The NLRB also found that the non-compete agreement was a mandatory subject of bargaining because it “effectively impos[es] a cost of lost economic opportunities on employees as a consequence of working for [employer].”  Also, the non-compete agreement’s assignment of inventions to the employer “imposes economic opportunity costs on employees by broadly restricting their ability to benefit from their discoveries, inventions, and acquired knowledge related to working for [employer].”

The employer contended it was privileged to implement the non-compete agreement because the parties had agreed to a management-rights clause.  As seems to be the new trend, the NLRB rejected this argument noting that “the management-rights clause at issue makes no reference to the non-complete/non-disclosure agreements and thus does not constitute” a clear and unmistakable waiver.

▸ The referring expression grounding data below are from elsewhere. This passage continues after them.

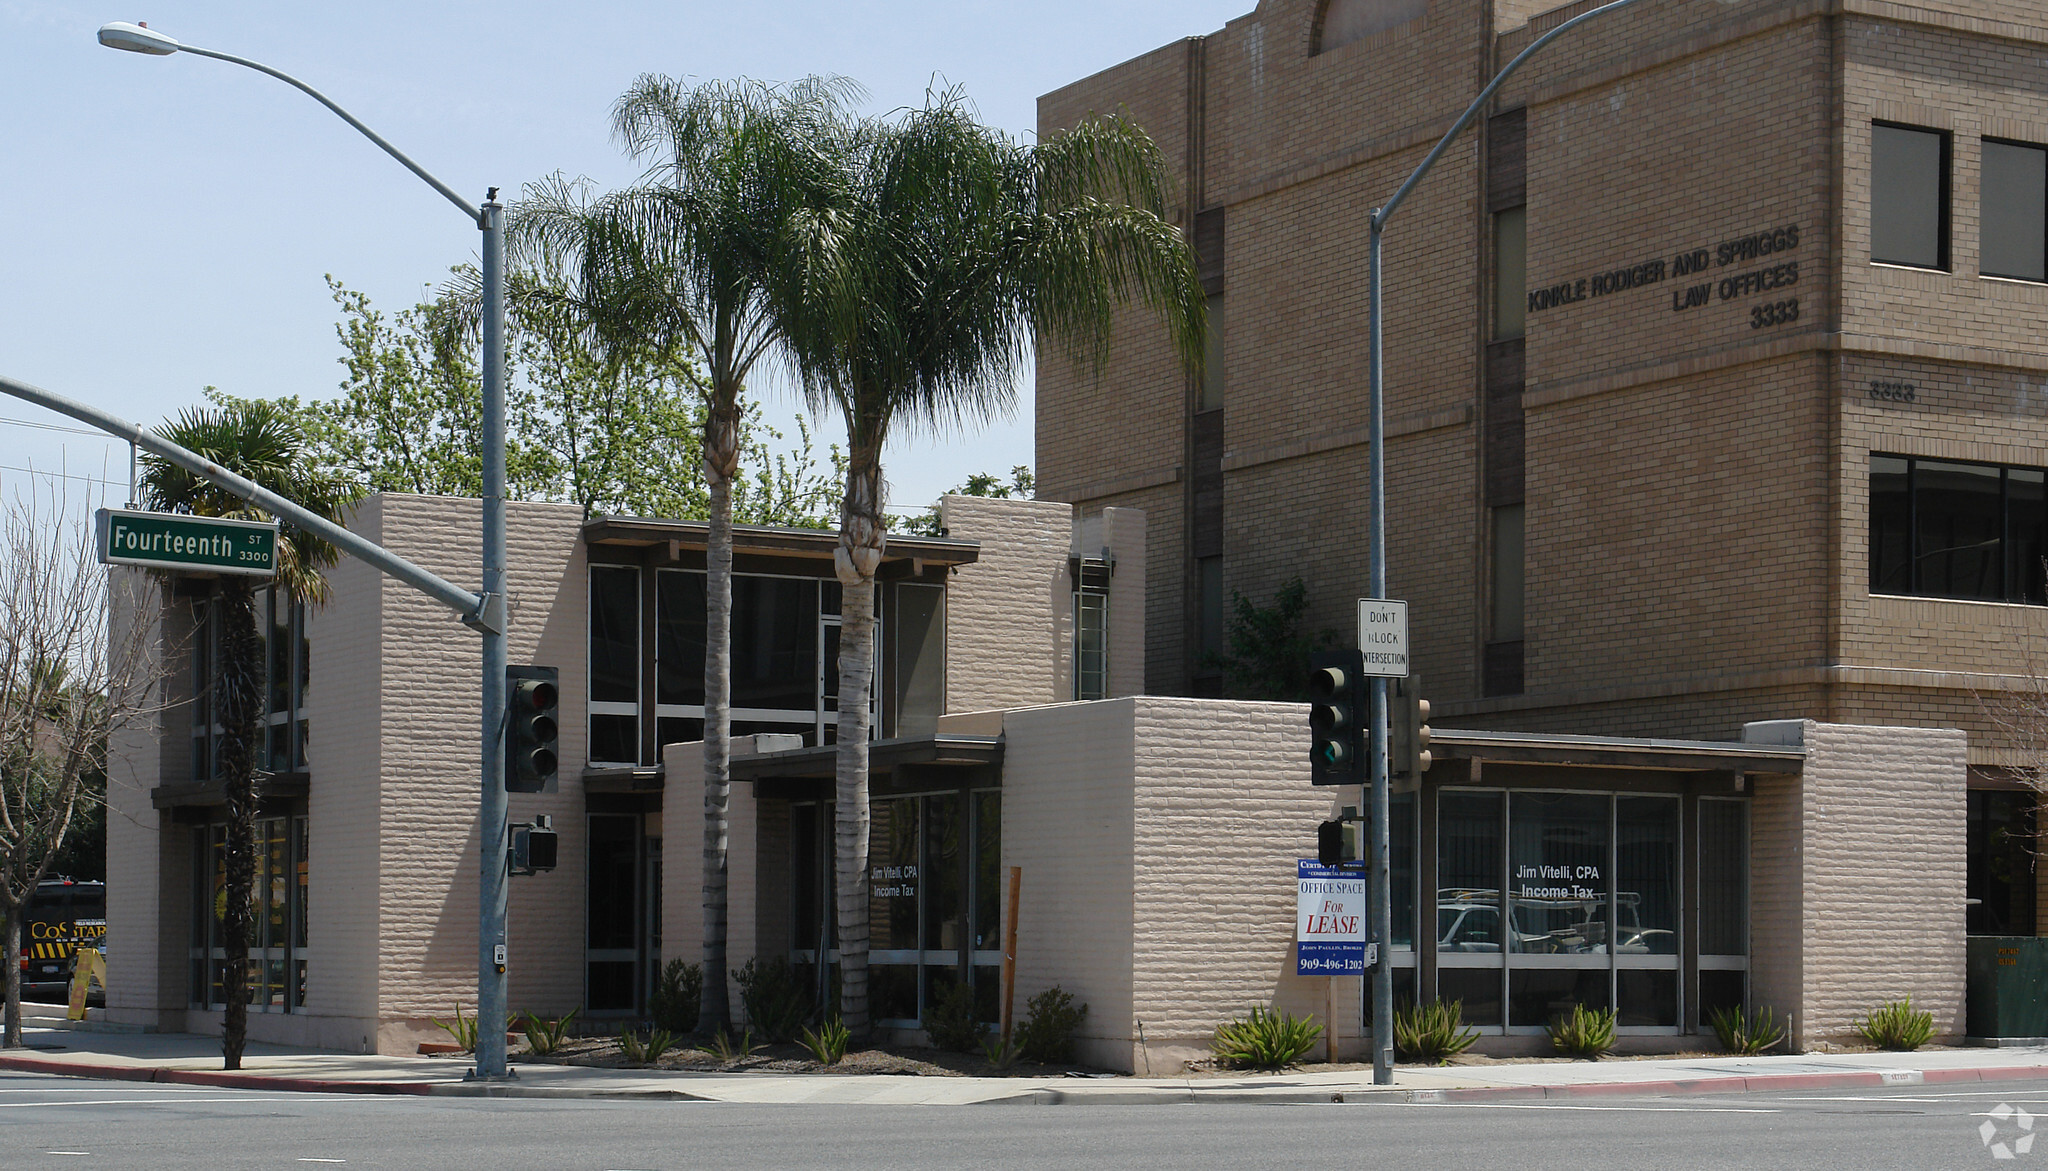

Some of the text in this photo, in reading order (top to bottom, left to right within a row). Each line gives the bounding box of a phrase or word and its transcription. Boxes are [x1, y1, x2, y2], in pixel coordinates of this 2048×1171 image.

[1528, 225, 1799, 312] KINKLE RODIGER AND SPRIGGS
[1672, 261, 1799, 311] LAW OFFICES
[1750, 299, 1799, 329] 3333
[1870, 381, 1915, 401] 3333
[115, 525, 262, 557] Fourteenth ST
[239, 551, 269, 562] 3300
[1370, 612, 1396, 623] DON'T
[1363, 652, 1405, 664] NTERSECTION
[871, 867, 882, 879] Jim
[904, 865, 917, 878] CPA
[1516, 865, 1599, 881] Jim Vitelli, CPA
[874, 884, 914, 897] Income Tax
[1522, 884, 1594, 898] Income Tax
[1305, 915, 1359, 934] LEASE
[1300, 958, 1362, 969] 909-496-1202

Finally, the NLRB evaluated the language of the non-compete agreement found by the Administrative Law Judge to be unlawfully overbroad.  In what seems to be a first the NLRB actually reversed the judge and found certain phrases to be lawful.  For example, the Administrative Law Judge found the non-compete agreement’s confidentiality policy overbroad because it prohibited the disclosure of “any other information which is identified as confidential by the Company.”  The NLRB reversed this conclusion, reasoning the language was lawful because read in context it was not overbroad:

Viewed in isolation, a prohibition on releasing ‘any . . . information which is identified as confidential by the Company’ would clearly be overbroad, since it would allow the [employer] to designate any information, including information about employees’ wages, benefits, or other terms and conditions of employment- as confidential and thus restrict employees’ exercise of their Section 7 rights.

However, the phrase containing this prohibition does not stand alone and must be read in context.

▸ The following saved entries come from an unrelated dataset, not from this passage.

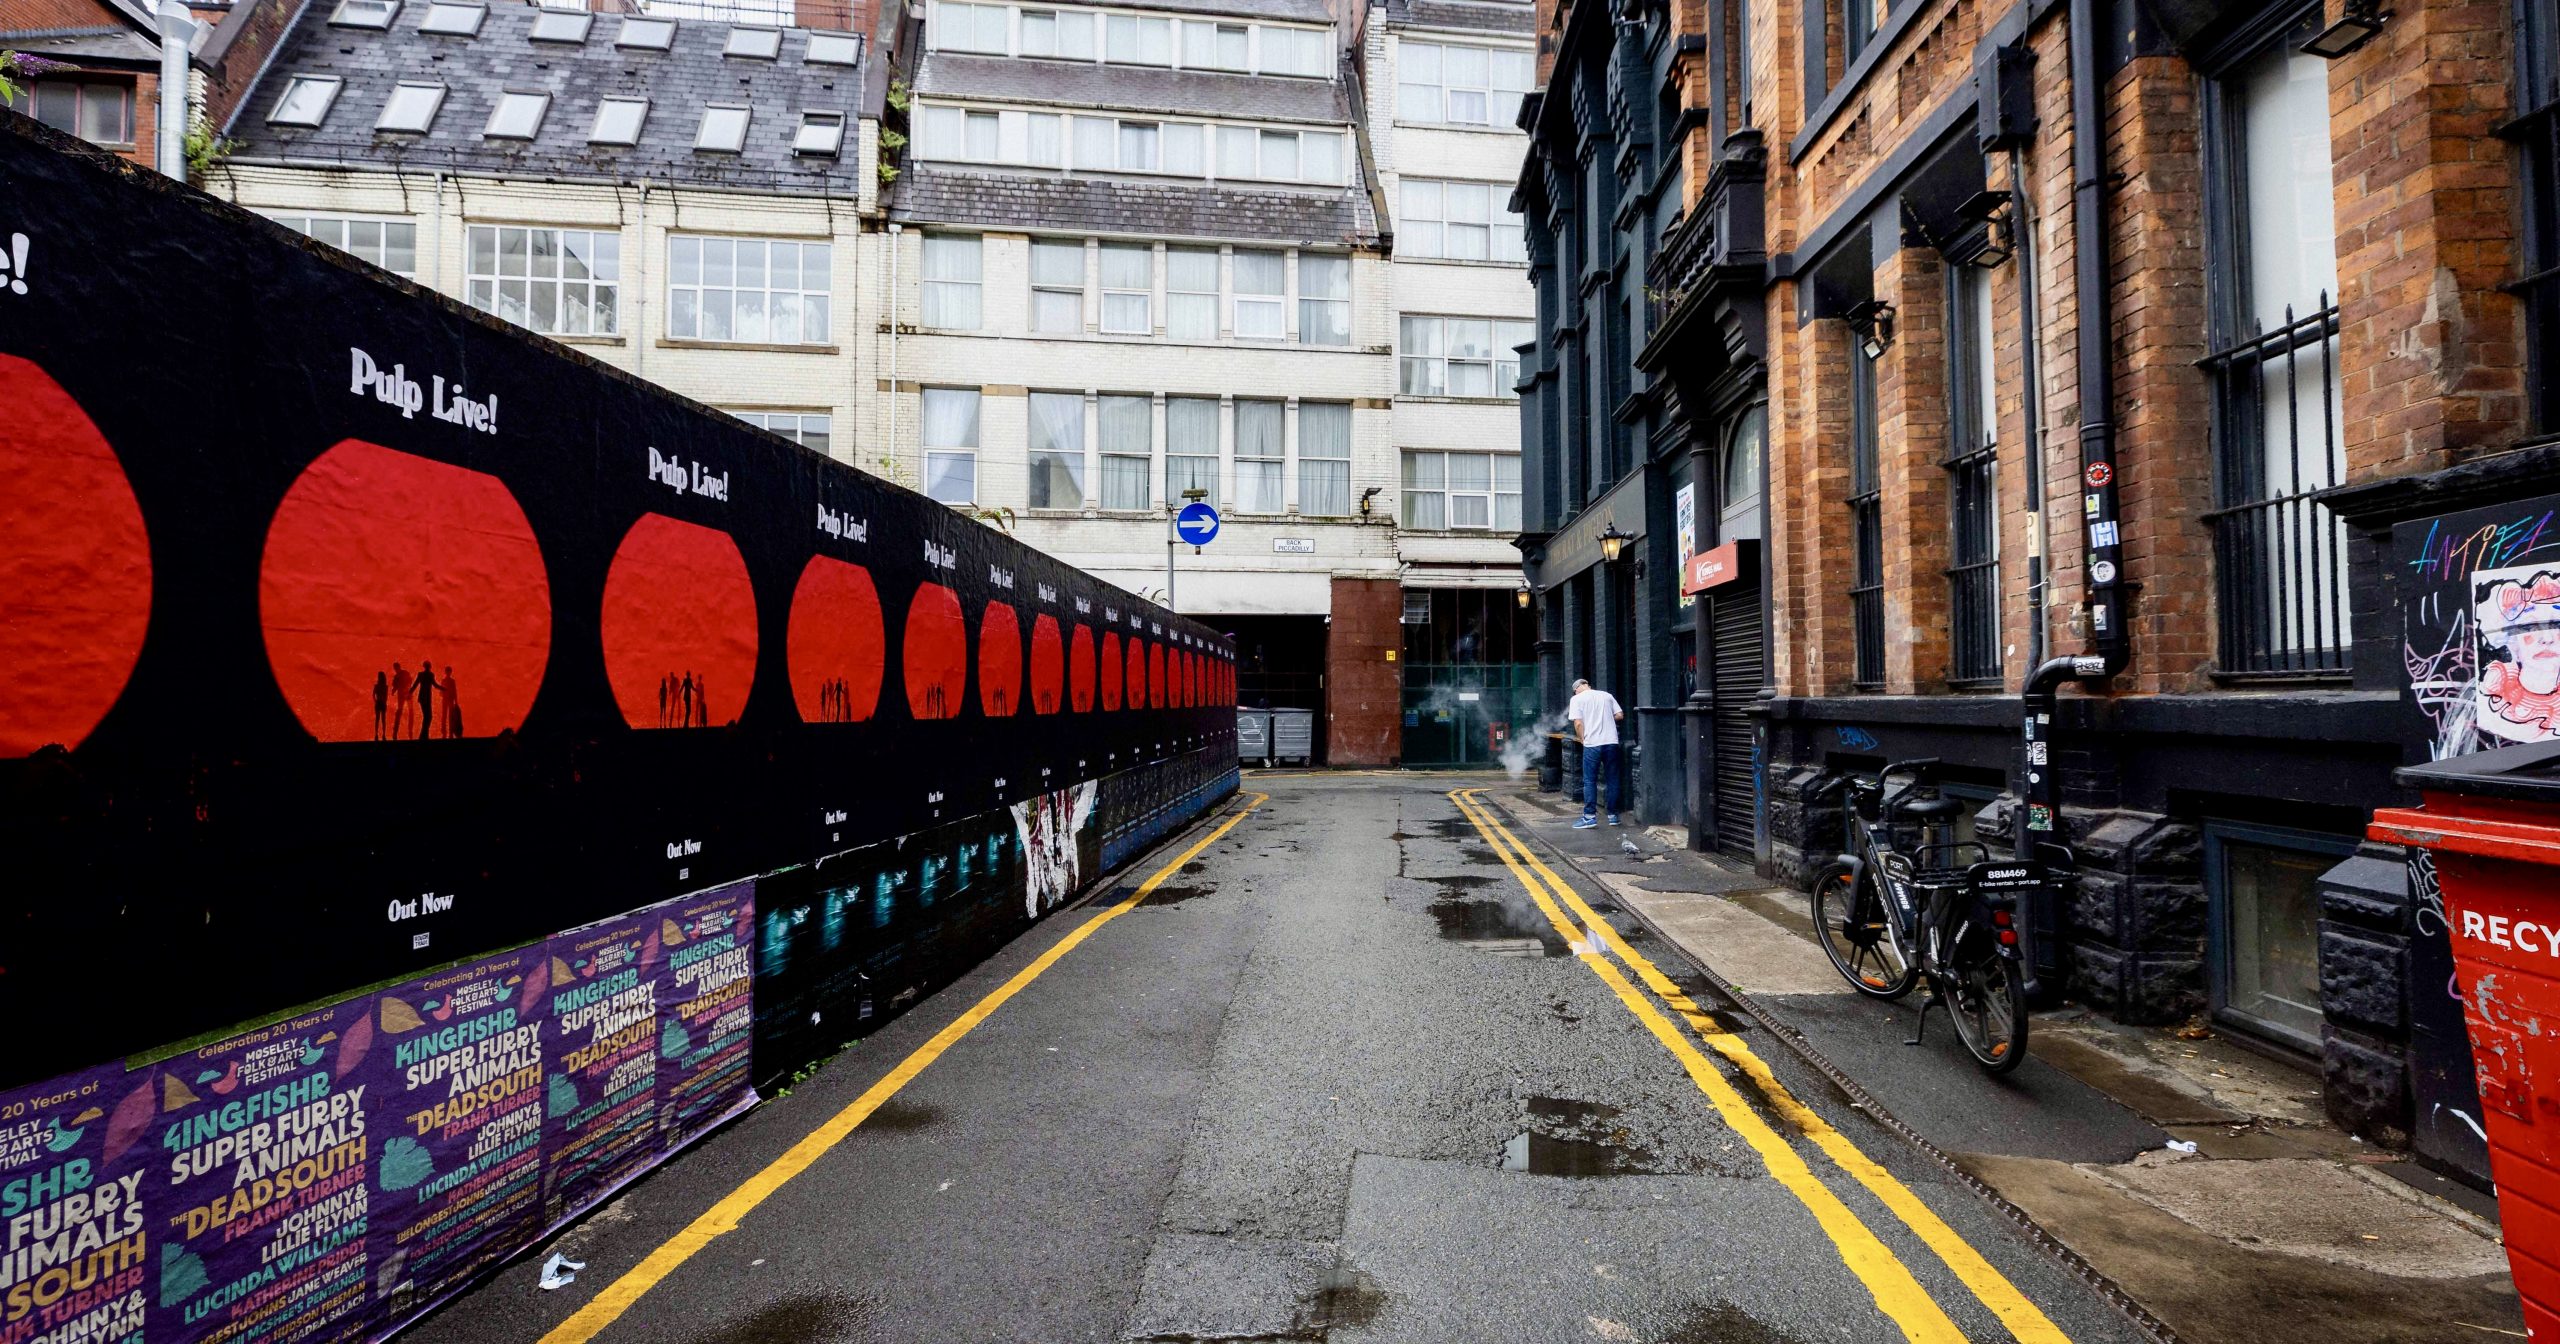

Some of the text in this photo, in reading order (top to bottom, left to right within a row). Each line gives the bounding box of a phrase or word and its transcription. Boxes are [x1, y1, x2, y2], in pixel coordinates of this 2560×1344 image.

[350, 347, 498, 435] Pulp Live!
[648, 447, 729, 502] Pulp Live!
[817, 503, 867, 543] Pulp Live!
[924, 539, 940, 569] Pulp
[667, 838, 701, 859] Out Now
[1988, 869, 2027, 878] 88M469
[388, 892, 454, 922] Out Now
[598, 942, 622, 956] MOSELEY
[598, 958, 622, 972] FESTIVAL
[670, 933, 735, 971] KINGFISHR
[676, 944, 750, 988] SUPER FURRY
[424, 958, 520, 991] Celebrating 20 Years of
[456, 979, 493, 996] MOSELEY
[554, 968, 638, 1016] KINGFISHR
[697, 960, 749, 996] ANIMALS
[450, 993, 471, 1008] FOLK
[478, 986, 499, 1000] ARTS
[456, 997, 493, 1016] FESTIVAL
[562, 980, 656, 1035] SUPER FURRY
[695, 1008, 720, 1026] FRANK
[198, 1010, 334, 1059] Celebrating 20 Years of
[396, 1008, 518, 1070] KINGFISHR
[592, 998, 656, 1043] ANIMALS
[237, 1059, 265, 1078] FOLK
[278, 1046, 306, 1065] ARTS
[246, 1038, 298, 1063] MOSELEY
[406, 1020, 542, 1091] SUPER FURRY
[449, 1041, 542, 1098] ANIMALS
[587, 1036, 656, 1079] FRANK TURNER
[245, 1062, 296, 1086] FESTIVAL
[604, 1060, 656, 1098] LILLIE FLYNN
[2, 1080, 100, 1120] 20 Years of
[406, 1114, 418, 1124] THE
[444, 1086, 541, 1141] FRANK TURNER
[566, 1098, 610, 1132] LUCINDA
[610, 1074, 656, 1105] WILLIAMS
[11, 1128, 53, 1154] ARTS
[171, 1084, 366, 1185] SUPER FURRY
[233, 1110, 365, 1189] ANIMALS
[468, 1114, 541, 1160] LILLIE FLYNN
[418, 1161, 478, 1204] LUCINDA
[478, 1128, 541, 1170] WILLIAMS
[448, 1164, 504, 1203] KATHERINE
[505, 1146, 540, 1175] PRIDDY
[10, 1168, 145, 1251] FURRY
[170, 1212, 189, 1227] THE
[224, 1163, 366, 1244] FRANK TURNER
[410, 1204, 454, 1236] LONGEST
[454, 1188, 484, 1212] JOHNS
[485, 1178, 507, 1196] JANE
[508, 1159, 540, 1181] WEAVER
[261, 1197, 368, 1264] LILLIE FLYNN
[184, 1264, 276, 1325] LUCINDA
[276, 1216, 368, 1275] WILLIAMS
[231, 1237, 367, 1320] KATHERINE PRIDDY
[240, 1253, 368, 1330] JOHNS JANE WEAVER
[306, 1266, 366, 1310] PENTANGLE
[40, 1267, 144, 1329] TURNER
[273, 1307, 320, 1340] HUDSON
[322, 1281, 366, 1314] FREEMAN
[330, 1292, 366, 1321] SALACH

The NLRB noted the policy defined “confidential information” narrowly as “any proprietary or confidential information or know-how belonging to the company” and that definition was followed by examples of confidential information illustrating the scope of the policy.  This is, of course, the proper analysis set forth in the law concerning the evaluation of the lawfulness policy. What is startling is that the NLRB seems to have taken the time to look at, and analyze, the entire context of the phrase in question, something it doesn’t always do in its opinions.

Bottom line:  in a unionized context, make sure that all the policies being handed out in new-hire orientation are consistent with any obligation to bargain with the union representing the employees.  If the paperwork imposes conditions on employment there is a good chance it is something that must be addressed in bargaining with the union before it is implemented.  Finally, as noted, employers need to be wary of relying on the language of a management-rights clause before implementing a new work rule.